Même si l’on fait mine de mettre en avant les créations de la saison, force est de constater qu’il n’y a rien de tel qu’un Lac des Cygnes pour faire grimper la fièvre d’avant spectacle et pour remplir l’immense salle de Bastille. Pour la première, la distribution était prestigieuse puisqu’on dénombrait pas moins de trois étoiles et sept premiers danseurs sur scène.
Comme toujours chez Noureev, la production est somptueuse, mais ici, aucun kitch ou aucune surcharge, le cadre de l’action consiste en un sobre palais néo-classique avec vue sur le lac titre, une toile peinte évoquant les Nymphéas de Monet qu’un jeu de panneaux coulissants fait apparaître ou disparaître selon que la scène se déroule à la cour ou au bord du lac. Les costumes de cour dans de délicates teintes pastel rappellent les fresques de la Renaissance italienne.
Cette relative simplicité permet de faire ressortir la relecture psychanalytique que Noureev fait subir à la légende nordique qui sert d’argument au plus emblématique des ballets classiques.

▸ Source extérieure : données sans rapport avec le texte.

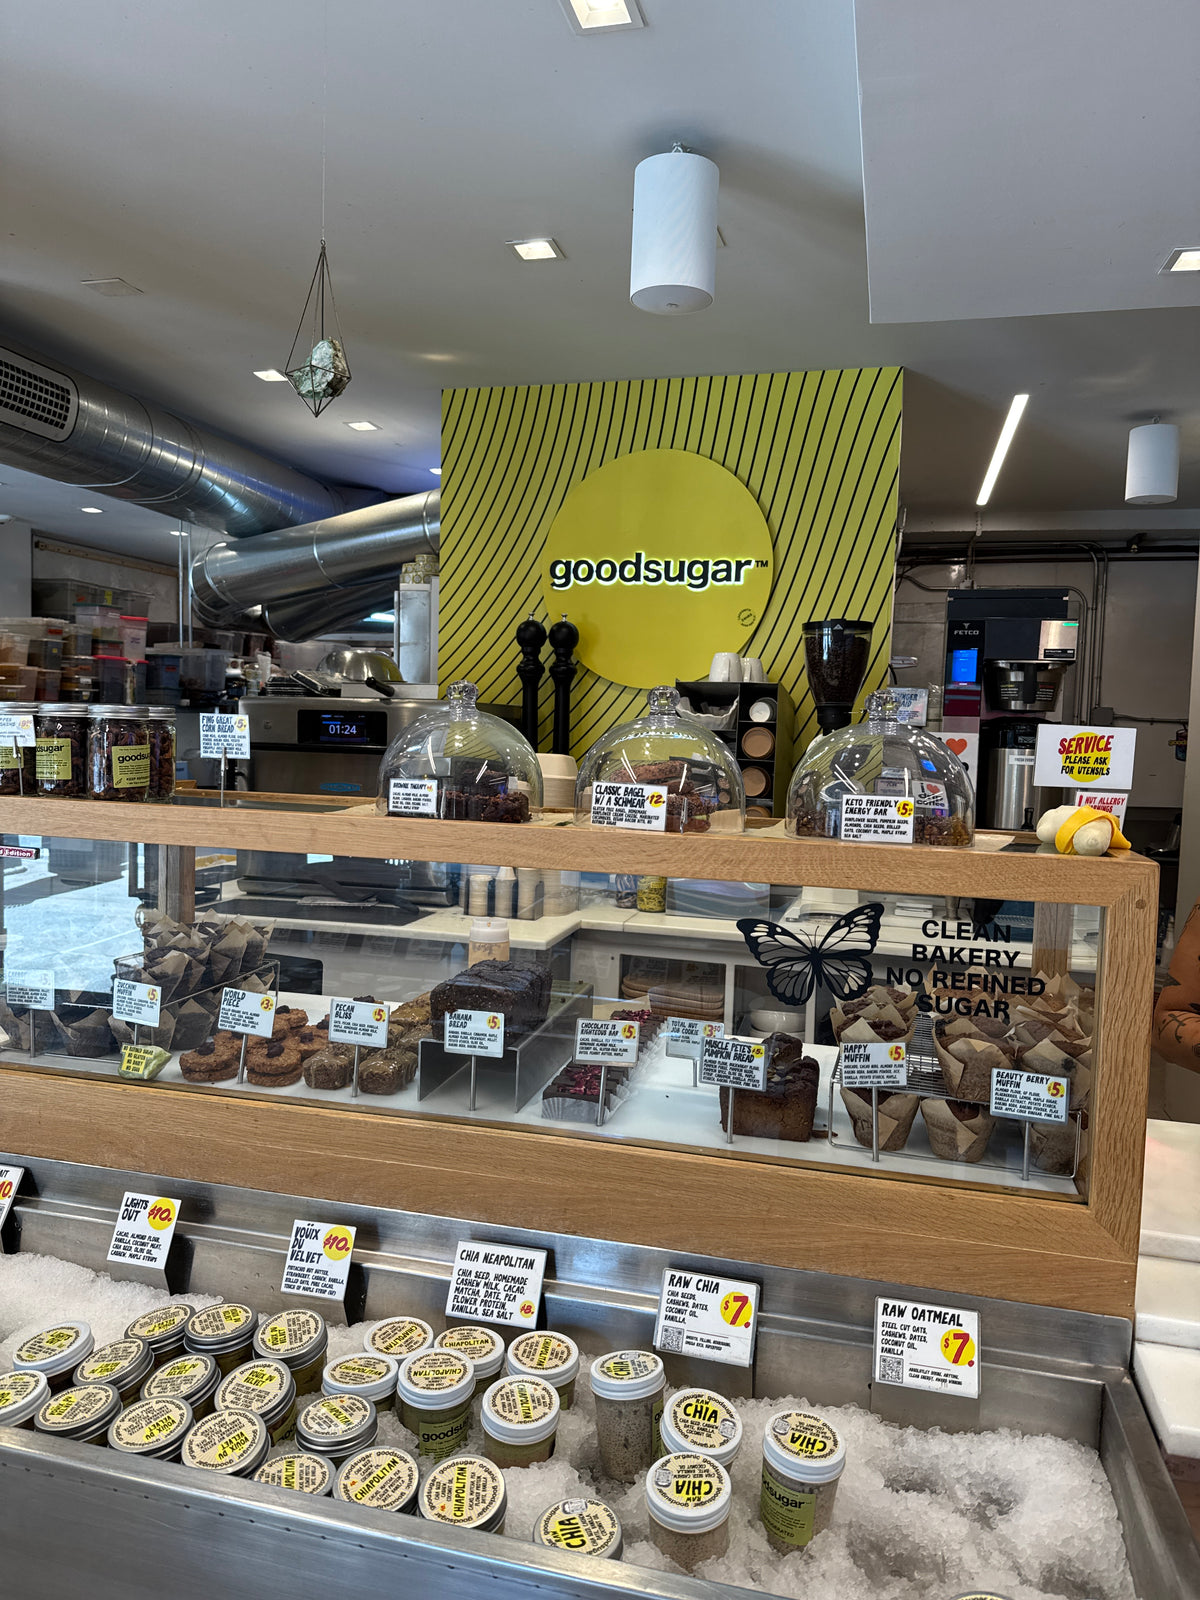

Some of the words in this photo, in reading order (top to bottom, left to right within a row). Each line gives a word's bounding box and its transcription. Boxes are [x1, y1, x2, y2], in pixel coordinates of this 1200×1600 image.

[550, 552, 753, 589] goodsugar
[218, 725, 234, 733] BREAD
[329, 725, 356, 734] 01:24
[1058, 735, 1114, 755] SERVICE
[1064, 756, 1091, 764] PLEASE
[1093, 757, 1108, 765] ASK
[1061, 766, 1074, 774] FOR
[1077, 767, 1110, 776] UTENSILS
[595, 785, 621, 795] CLASSIC
[624, 787, 645, 797] BAGEL
[614, 797, 645, 808] SCHMEAR
[866, 799, 899, 807] FRIENDLY
[1098, 797, 1125, 805] ALLERGY
[874, 808, 888, 816] BAR
[922, 920, 1011, 943] CLEAN
[912, 943, 1020, 968] BAKERY
[886, 967, 924, 986] NO
[932, 970, 1045, 996] REFINED
[224, 989, 246, 1000] WORLD
[223, 998, 240, 1007] PIECE
[335, 1003, 355, 1012] PECAN
[918, 994, 1010, 1018] SUGAR
[335, 1011, 352, 1019] BLISS
[449, 1013, 472, 1021] BANANA
[671, 1020, 686, 1028] TOTAL
[704, 1039, 729, 1050] MUSCLE
[844, 1044, 868, 1053] HAPPY
[704, 1048, 731, 1060] PUMPKIN
[733, 1052, 754, 1063] BREAD
[844, 1054, 870, 1062] MUFFIN
[996, 1071, 1023, 1080] BEAUTY
[1026, 1075, 1050, 1085] BERRY
[996, 1079, 1021, 1089] MUFFIN
[124, 1197, 149, 1210] LIGHTS
[122, 1208, 141, 1222] OUT
[292, 1238, 305, 1249] DU
[290, 1250, 323, 1264] VELVET
[460, 1250, 480, 1262] CHIA
[482, 1253, 535, 1270] NEAPOLITAN
[458, 1268, 472, 1277] CHIA
[474, 1271, 490, 1280] SEED,
[494, 1274, 528, 1285] HOMEMADE
[456, 1277, 482, 1288] CASHEW
[483, 1282, 500, 1291] MILK,
[503, 1284, 525, 1295] CACAO,
[668, 1274, 693, 1289] RAW
[695, 1279, 720, 1294] CHIA
[454, 1286, 480, 1298] MATCHA,
[484, 1290, 501, 1300] DATE,
[504, 1293, 516, 1303] PEA
[680, 1292, 697, 1301] SEEDS,
[453, 1295, 478, 1306] FLOWER
[479, 1299, 507, 1310] PROTEIN,
[666, 1298, 690, 1308] CASHEWS,
[692, 1302, 709, 1311] DATES,
[451, 1304, 479, 1316] VANILLA,
[482, 1308, 494, 1317] SEA
[496, 1311, 513, 1320] SALT
[665, 1306, 687, 1316] COCONUT
[689, 1310, 698, 1318] OIL,
[882, 1303, 907, 1318] RAW
[911, 1307, 963, 1327] OATMEAL
[881, 1321, 898, 1329] STEEL
[913, 1326, 927, 1334] OATS,
[881, 1329, 907, 1340] CASHEWS,
[909, 1333, 928, 1343] DATES,
[444, 1339, 489, 1348] CHIAPOLITAN
[881, 1338, 905, 1347] COCONUT
[907, 1342, 917, 1350] OIL,
[881, 1347, 904, 1356] VANILLA
[412, 1367, 462, 1377] CHIAPOLITAN
[516, 1384, 533, 1419] CHIAPOLITAN
[683, 1403, 718, 1423] CHIA
[790, 1432, 827, 1452] CHIA
[355, 1458, 399, 1501] CHIAPOLITAN
[454, 1467, 467, 1517] CHIAPOLITAN
[675, 1480, 713, 1496] CHIA
[558, 1517, 587, 1548] CHIA

Ludmila Pagliero et Mathias Heymann

Ludmila Pagliero et Mathias Heymann

Dans la peau du prince Siegfried à la psyché tourmentée, auquel on devine que Noureev s’est identifié, Mathias Heymann fait preuve d’une sensibilité qui va droit au coeur du spectateur. Le 1er acte permet d’explorer la relation pour le moins ambiguë entre le prince et son précepteur Wolfgang, un Karl Paquette machiavélique à souhait, dont la grande cape noire fait écho au rêve initial du prince qui voit une jeune femme se faire enlever par un homme-rapace noir.

11-03-2015 Lac Rothbart web

Karl Paquette est Wolfgang / Rothbart

Mathias Heymann est un interprète plutôt timide, en dépit d’une technique superlative qui devrait en faire un monstre d’assurance sur scène. Cette timidité est ici un atout pour incarner un jeune homme un peu perdu, qui ne parvient pas à s’affranchir de l’emprise de son précepteur et subit les pressions maternelles pour se marier. Ainsi, les scènes de cour des célébrations de la majorité du prince revêtent un caractère presque fantasgamorique : est-ce la réalité ou une vue déformée par l’esprit du prince? Ce qui excuserait les quelques imprécisions du corps de ballet dans ces ensembles particulièrement retors. Plus que les morceaux de bravoure un peu vains tels que le pas de trois qui permet à François Alu et Valentine Colasante de briller avec une danse explosive et dynamique aux côtés de la toujours raffinée Eve Grinsztajn, on retiendra la présence maléfique de Karl Paquette, son pas de deux inquiétant avec le prince et une sublime variation mélancolique de Mathias Heymann (dans la veine de son Manfred).

Eve Grinsztajn et François Alu

Eve Grinsztajn et François Alu

Dans l’acte II, les songes du prince le conduisent dans un univers immaculé, peuplé de femmes-cygnes prisonnières du sortilège d’un sorcier Rothbart, double imaginaire de Wolfgang. Leur reine Odette est l’incarnation d’un amour idéalisée et pur. Ludmila Pagliero n’est jamais autant à l’aise que dans ce registre de la créature éthérée et romantique. Il y a une retenue pudique dans les pas de deux avec Mathias Heymann qui émeut aux larmes. La star de cet acte, c’est aussi le corps de ballet féminin parfaitement synchronisé, et notamment les quatre petits cygnes (Marine Ganio, Eléonore Guérineau, Pauline Verdusen, Aubane Philbert) dont la gestuelle traduit chorégraphiquement les mouvements de jeunes oiseaux.

11-03-2015 Lac Acte II Porté

Retour à l’univers frelaté de la cour pour l’acte III, avec comme metteur en scène Wolfgang. Construction classique pour cet acte avec une succession de divertissements où s’illustrent notamment Mélanie Hurel et Emmanuel Thibault (danse napolitaine), prélude à un grand pas de deux mythique détourné ici en un pas de trois entre le prince, Odile, le cygne noir, version “femme fatale” d’Odette et Rothbart / Wolfgang. Ludmila Pagliero s’avère être davantage un cygne blanc, son cygne noir, même si techniquement impeccable, semble un peu trop démonstratif et il lui manque la calme assurance de la prédatrice pleine de duplicité qui avance en terrain conquis.

Black Swan

Black Swan

Pas de happy end pour cette version du Lac: le IVème acte voit l’apogée de Rothbart/Wolfgang, porté par l’engagement dramatique de Karl Paquette. Le prince en cédant à la séduction d’Odile a signé l’arrêt de mort d’Odette. Le rêve prémonitoire se réalise et avec lui la mort symbolique des illusions de l’enfance pour le prince.